=== Assigned task ===
When you copy the entries, omit the images and keep every word as it is.

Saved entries

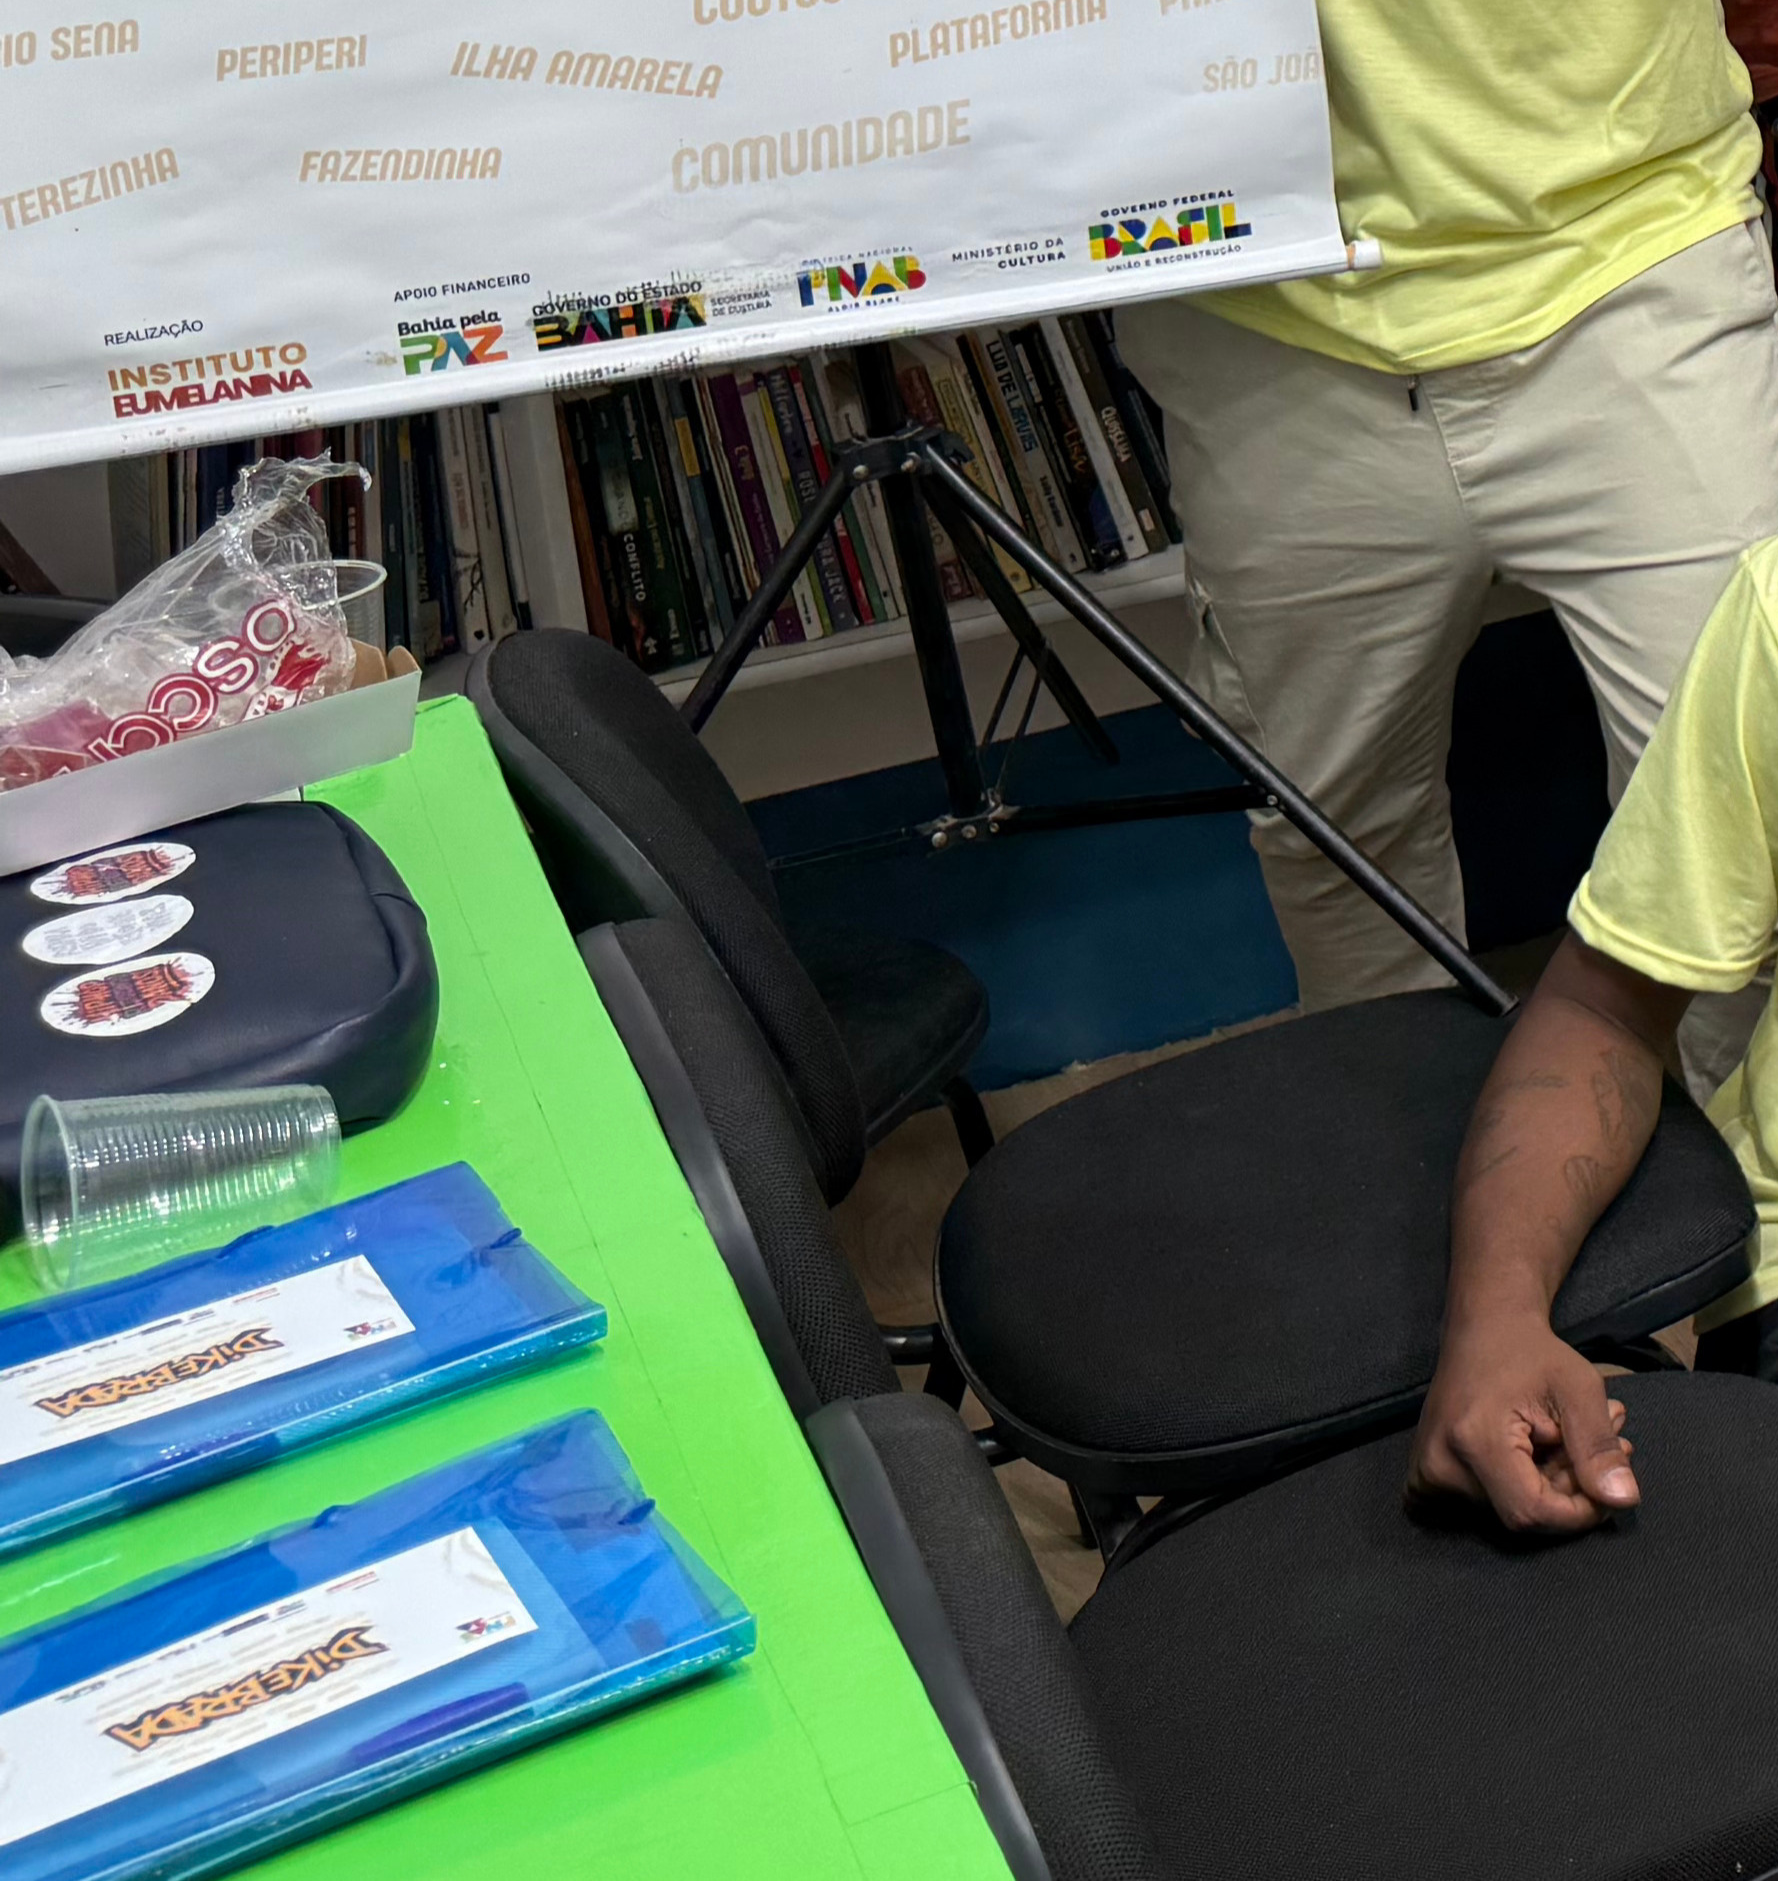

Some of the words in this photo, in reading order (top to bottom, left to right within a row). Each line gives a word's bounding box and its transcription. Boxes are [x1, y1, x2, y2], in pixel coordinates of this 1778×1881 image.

[51, 20, 139, 61] SENA
[216, 35, 366, 82] PERIPERI
[450, 42, 537, 82] ILHA
[546, 50, 723, 99] AMARELA
[1203, 52, 1258, 93] SÃO
[300, 147, 501, 183] FAZENDINHA
[672, 98, 971, 194] COMUNIDADE
[1, 147, 179, 229] TEREZINHA
[1100, 199, 1167, 218] GOVERNO
[1173, 189, 1234, 206] FEDERAL
[952, 241, 1039, 262] MINISTÉRIO
[1046, 237, 1064, 248] DA
[1088, 202, 1252, 261] BRASIL
[797, 255, 927, 307] PNAB
[997, 251, 1066, 269] CULTURA
[394, 286, 437, 302] APOIO
[441, 273, 531, 296] FINANCEIRO
[532, 294, 611, 317] GOVERNO
[615, 291, 638, 304] DO
[643, 281, 702, 300] ESTADO
[104, 320, 203, 346] REALIZAÇÃO
[397, 317, 454, 335] Bahia
[460, 310, 501, 332] pela
[533, 294, 707, 351] BAHIA
[109, 341, 308, 392] INSTITUTO
[400, 325, 508, 375] PAZ
[113, 368, 312, 417] EUMELANINA
[998, 370, 1016, 394] DE
[1007, 395, 1038, 452] LARVAS
[624, 533, 646, 602] CONFLITO
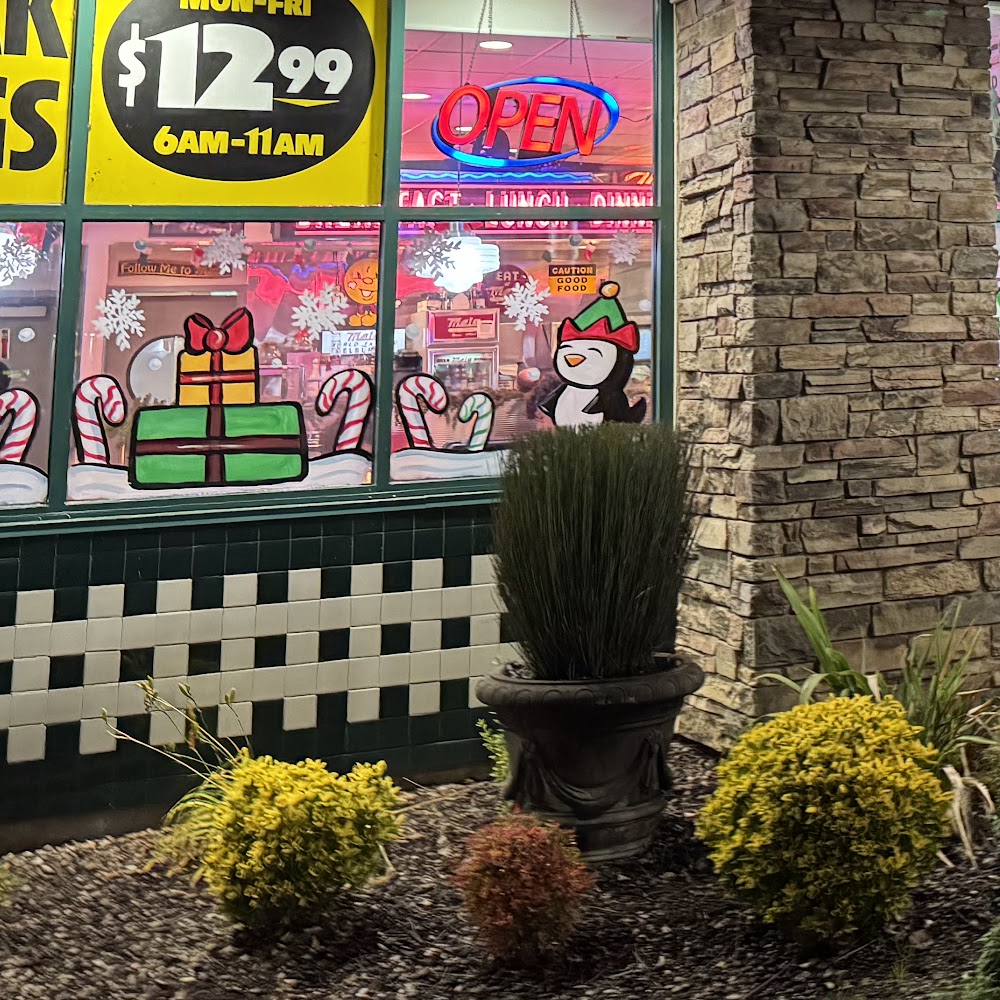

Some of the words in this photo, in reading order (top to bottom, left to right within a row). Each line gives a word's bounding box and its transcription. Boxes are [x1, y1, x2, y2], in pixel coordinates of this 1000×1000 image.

[437, 84, 602, 157] OPEN
[153, 125, 325, 158] 6AM-11AM
[120, 262, 156, 274] Follow
[160, 263, 178, 275] Me
[552, 266, 593, 275] CAUTION
[496, 271, 520, 281] EAT
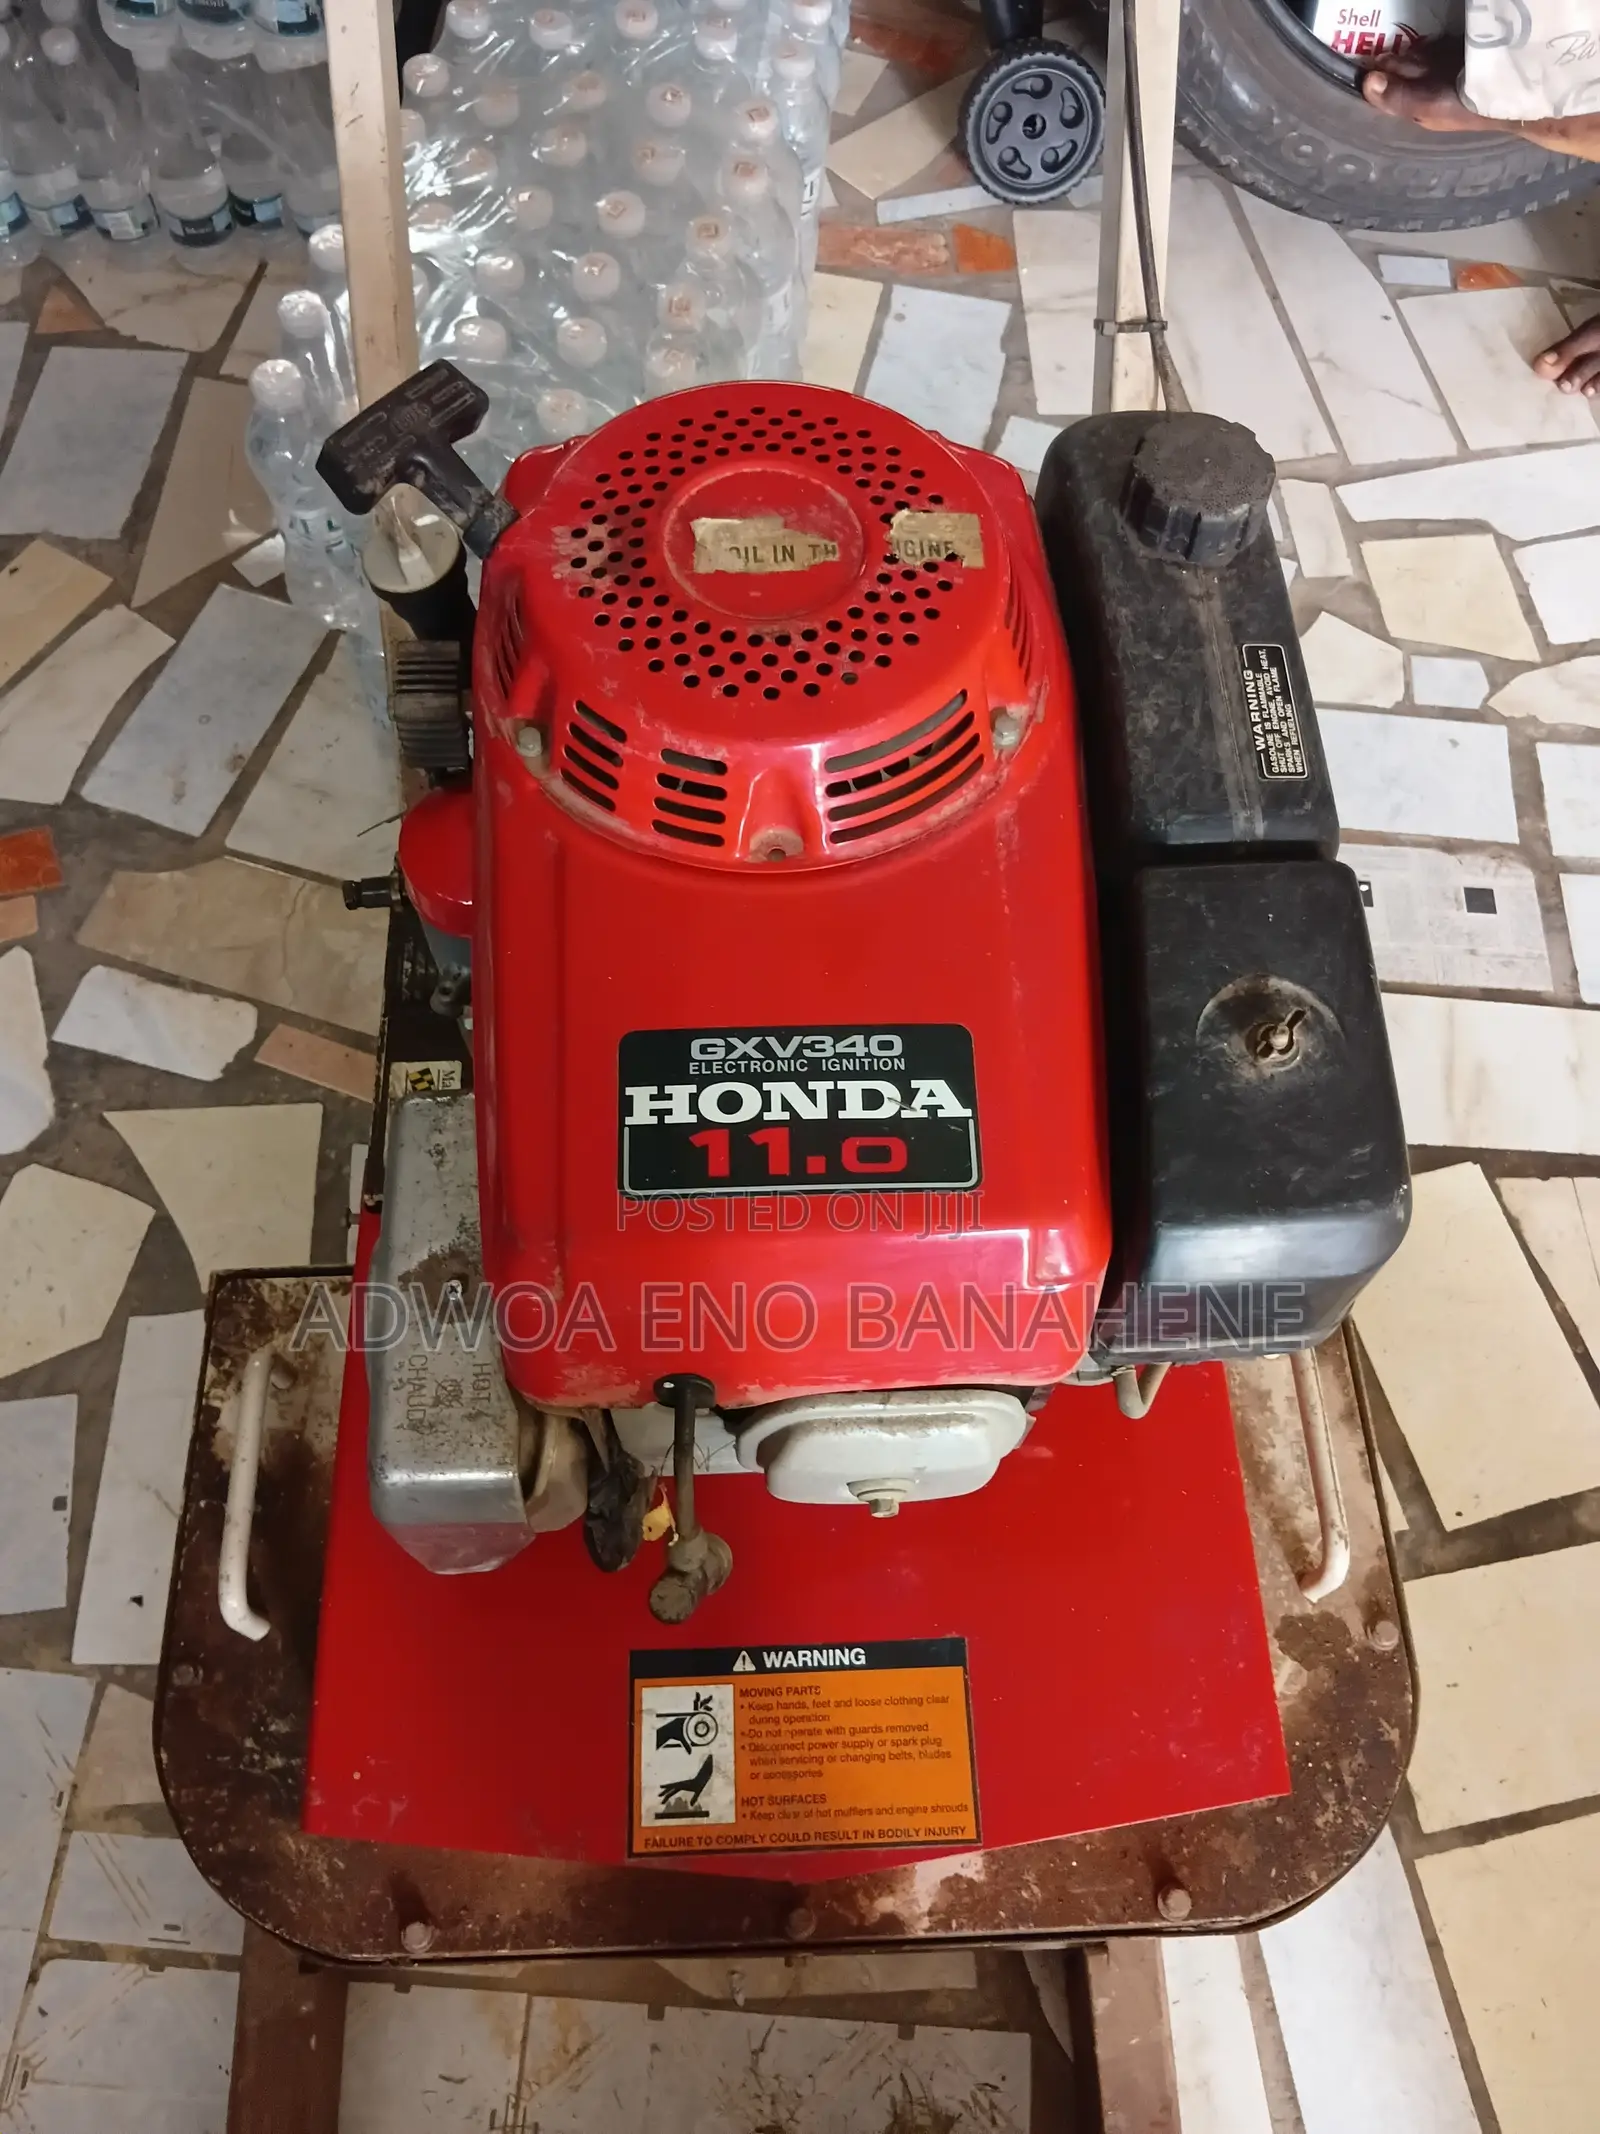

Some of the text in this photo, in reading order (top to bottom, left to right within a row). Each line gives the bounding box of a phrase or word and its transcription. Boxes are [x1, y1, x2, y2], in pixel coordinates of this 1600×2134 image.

[1337, 8, 1381, 27] Shell
[773, 544, 795, 563] IN
[1263, 672, 1273, 696] AVOID
[1243, 670, 1266, 751] WARNING
[1270, 667, 1295, 773] SPARKS AND OPEN FLAME
[1255, 672, 1279, 773] GASOLINE IS FLAMMABLE
[1274, 733, 1282, 748] OFF
[1286, 704, 1303, 773] WHEN REFUELING
[1277, 752, 1287, 773] SHUT
[690, 1034, 903, 1060] GXV340
[689, 1058, 905, 1075] ELECTRONIC IGNITION
[625, 1079, 972, 1125] HONDA
[689, 1127, 908, 1178] 11.0
[406, 1354, 428, 1421] CHAUD
[472, 1363, 491, 1403] HOT
[763, 1647, 866, 1668] WARNING
[740, 1685, 821, 1698] MOVING PARTS
[748, 1694, 949, 1712] Keep hands, feet and loose clothing clear
[749, 1713, 830, 1726] during operation
[748, 1728, 763, 1739] Do
[766, 1728, 781, 1737] not
[826, 1726, 846, 1735] with
[849, 1724, 884, 1736] guards
[886, 1722, 929, 1732] removed
[808, 1740, 840, 1751] power
[841, 1739, 875, 1750] supply
[877, 1739, 887, 1748] or
[890, 1736, 918, 1748] spark
[921, 1736, 943, 1748] plug
[780, 1755, 824, 1766] servicing
[827, 1755, 837, 1763] or
[840, 1752, 886, 1764] changing
[889, 1751, 916, 1762] belts,
[750, 1772, 761, 1780] or
[741, 1794, 827, 1807] HOT SURFACES
[749, 1811, 775, 1822] Keep
[804, 1808, 814, 1819] of
[816, 1807, 832, 1817] hot
[834, 1806, 873, 1817] mufflers
[876, 1804, 894, 1815] and
[896, 1804, 929, 1817] engine
[931, 1802, 969, 1813] shrouds
[644, 1826, 967, 1849] FAILURE TO COMPLY COULD RESULT IN BODILY INJURY

=== Task output ===
Some of the words in this photo, in reading order (top to bottom, left to right within a row). Each line gives a word's bounding box and its transcription. Boxes are [x1, y1, x2, y2], in pixel coordinates of this 1778×1881 image.

[51, 20, 139, 61] SENA
[216, 35, 366, 82] PERIPERI
[450, 42, 537, 82] ILHA
[546, 50, 723, 99] AMARELA
[1203, 52, 1258, 93] SÃO
[300, 147, 501, 183] FAZENDINHA
[672, 98, 971, 194] COMUNIDADE
[1, 147, 179, 229] TEREZINHA
[1100, 199, 1167, 218] GOVERNO
[1173, 189, 1234, 206] FEDERAL
[952, 241, 1039, 262] MINISTÉRIO
[1046, 237, 1064, 248] DA
[1088, 202, 1252, 261] BRASIL
[797, 255, 927, 307] PNAB
[997, 251, 1066, 269] CULTURA
[394, 286, 437, 302] APOIO
[441, 273, 531, 296] FINANCEIRO
[532, 294, 611, 317] GOVERNO
[615, 291, 638, 304] DO
[643, 281, 702, 300] ESTADO
[104, 320, 203, 346] REALIZAÇÃO
[397, 317, 454, 335] Bahia
[460, 310, 501, 332] pela
[533, 294, 707, 351] BAHIA
[109, 341, 308, 392] INSTITUTO
[400, 325, 508, 375] PAZ
[113, 368, 312, 417] EUMELANINA
[998, 370, 1016, 394] DE
[1007, 395, 1038, 452] LARVAS
[624, 533, 646, 602] CONFLITO

Some of the words in this photo, in reading order (top to bottom, left to right within a row). Each line gives a word's bounding box and its transcription. Boxes are [x1, y1, x2, y2], in pixel coordinates of this 1000×1000 image.

[437, 84, 602, 157] OPEN
[153, 125, 325, 158] 6AM-11AM
[120, 262, 156, 274] Follow
[160, 263, 178, 275] Me
[552, 266, 593, 275] CAUTION
[496, 271, 520, 281] EAT

Some of the text in this photo, in reading order (top to bottom, left to right within a row). Each line gives the bounding box of a phrase or word and its transcription. Boxes are [x1, y1, x2, y2], in pixel coordinates of this 1600×2134 image.

[1337, 8, 1381, 27] Shell
[773, 544, 795, 563] IN
[1263, 672, 1273, 696] AVOID
[1243, 670, 1266, 751] WARNING
[1270, 667, 1295, 773] SPARKS AND OPEN FLAME
[1255, 672, 1279, 773] GASOLINE IS FLAMMABLE
[1274, 733, 1282, 748] OFF
[1286, 704, 1303, 773] WHEN REFUELING
[1277, 752, 1287, 773] SHUT
[690, 1034, 903, 1060] GXV340
[689, 1058, 905, 1075] ELECTRONIC IGNITION
[625, 1079, 972, 1125] HONDA
[689, 1127, 908, 1178] 11.0
[406, 1354, 428, 1421] CHAUD
[472, 1363, 491, 1403] HOT
[763, 1647, 866, 1668] WARNING
[740, 1685, 821, 1698] MOVING PARTS
[748, 1694, 949, 1712] Keep hands, feet and loose clothing clear
[749, 1713, 830, 1726] during operation
[748, 1728, 763, 1739] Do
[766, 1728, 781, 1737] not
[826, 1726, 846, 1735] with
[849, 1724, 884, 1736] guards
[886, 1722, 929, 1732] removed
[808, 1740, 840, 1751] power
[841, 1739, 875, 1750] supply
[877, 1739, 887, 1748] or
[890, 1736, 918, 1748] spark
[921, 1736, 943, 1748] plug
[780, 1755, 824, 1766] servicing
[827, 1755, 837, 1763] or
[840, 1752, 886, 1764] changing
[889, 1751, 916, 1762] belts,
[750, 1772, 761, 1780] or
[741, 1794, 827, 1807] HOT SURFACES
[749, 1811, 775, 1822] Keep
[804, 1808, 814, 1819] of
[816, 1807, 832, 1817] hot
[834, 1806, 873, 1817] mufflers
[876, 1804, 894, 1815] and
[896, 1804, 929, 1817] engine
[931, 1802, 969, 1813] shrouds
[644, 1826, 967, 1849] FAILURE TO COMPLY COULD RESULT IN BODILY INJURY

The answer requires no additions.